Donnerstag, 14. April 2011

Operational Excellence and Demand-Driven Manufacturing

In this great report Alfred Sherk is examing Operational Excellence and demand-driven manufacturing.


Operational Excellence and Demand-Driven Manufacturing

The pharmaceutical industry is facing enormous pricing pressure around the world and it is especially intense in the United States as drug costs are a significant part of the debate on healthcare reform. The leading pharmaceutical companies understand the long term consequences to their industry. Even more troubling, a recent McKinsey & Co. analysis of the pharmaceutical industry, estimates that “the internal rate of return (IRR) on small-molecule R&D is now around 7.5%, which is less than the industry's cost of capital”1 Consequently, operational excellence has become a key component of their business strategies to ensure their long term vitality.

Operational excellence, stated simply, is minimizing waste while maximizing customer value. Value is defined from the perspective of both the external and internal customer in a measurable manner. The Lean movement has developed important key performance indicators for measuring an operation’s performance and bench marking its performance against the achievements of best-in-class organizations.

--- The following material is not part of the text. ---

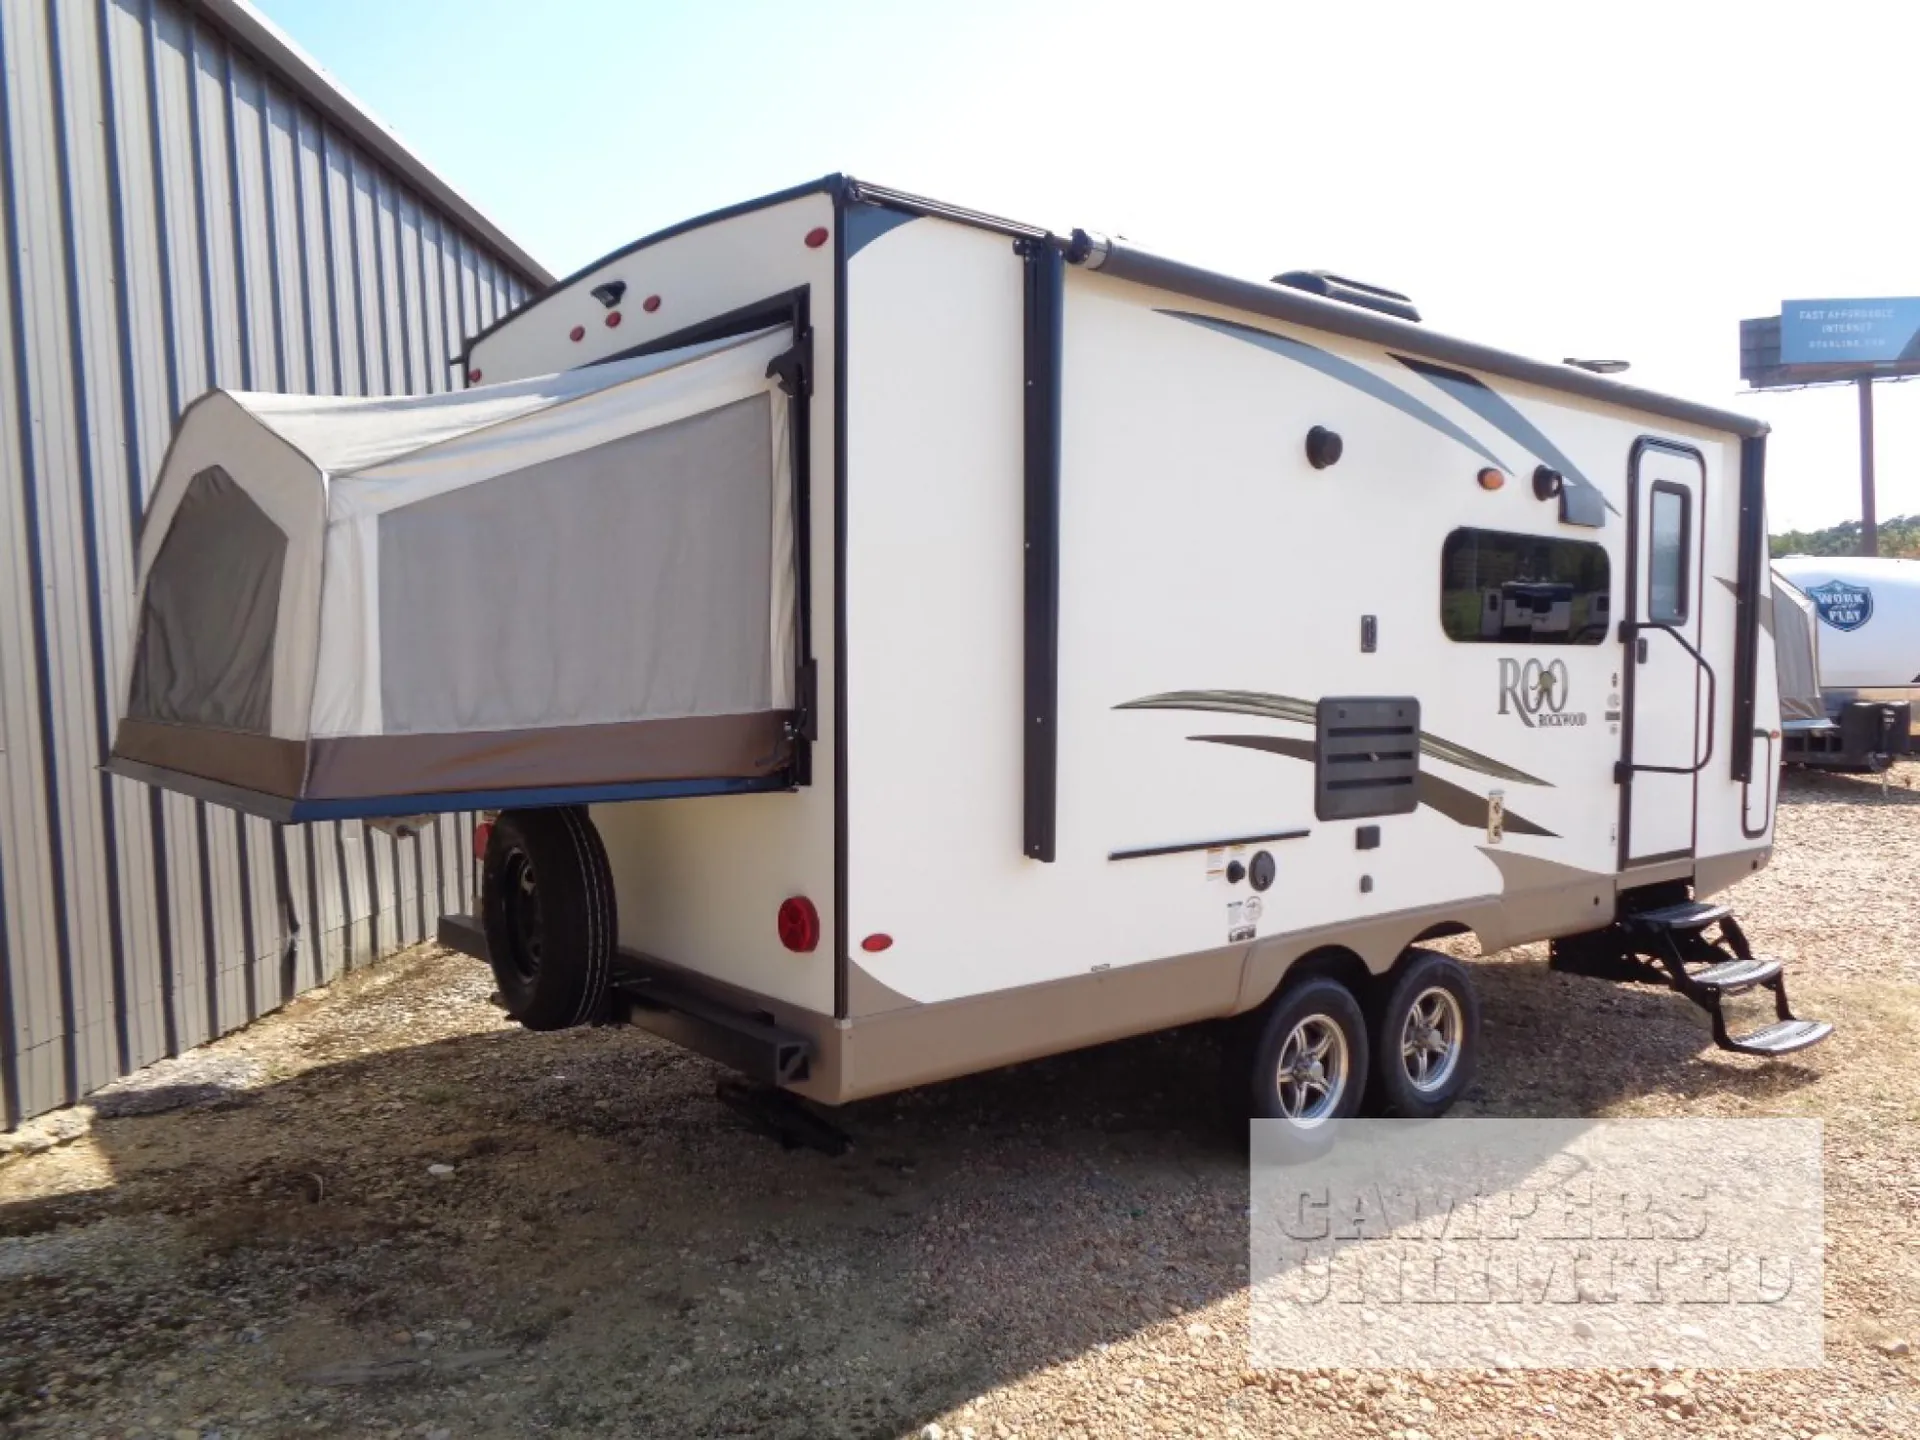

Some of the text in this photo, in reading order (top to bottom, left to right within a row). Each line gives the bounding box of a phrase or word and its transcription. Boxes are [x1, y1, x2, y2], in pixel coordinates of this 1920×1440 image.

According to Womack and Jones, there are seven types of process waste – rework, overproduction, excess inventories, non-value added process steps, excess people movement, excess material transportation, waiting, and non-value added goods of services. In the pharmaceutical industry, waiting and excess inventory are significant sources of process waste and often mask underlying work process deficiencies.

A common pharmaceutical practice is to plan global distribution requirements 90 days in advance and carry significant inventory levels to protect service. Since the value and importance of its products is very high, protecting high service levels at the point of consumption is a necessity. Nevertheless, the median inventory turn, industry wide, is just 3.4 turns2. The time that it takes to move from end-to-end consumes a substantial portion of the product’s shelf life. Furthermore, as competitive product substitution is an inherent aspect of the generic market, more responsive suppliers gain competitive advantage.

Access the full report and download the free PDF now: Operational Excellence by Alfred Sherk

End-to-end Throughput Time

Reducing the overall throughput time from end-to-end, from the first chemical reaction all the way through distribution, improves market responsiveness, reduces risk through less exposure time and improves profitability. Just as importantly, from an operational excellence perspective, it exposes inefficient or even incapable processes that are masked by high inventories and long lead times. 

Novartis’ continuous manufacturing paradigm, a component of their Lean program, has led to the reduction of their overall throughput time from 550 days to 200 days for some of their major products and they see the opportunity to get it to just 1 month3.

In the pharmaceutical industry there are three main challenges to operational excellence: demand visibility, collaboration and determining the right operational response. On the surface, these items would appear to be straightforward to address but are in fact very difficult due to the complexity of the total order-to-fulfillment process.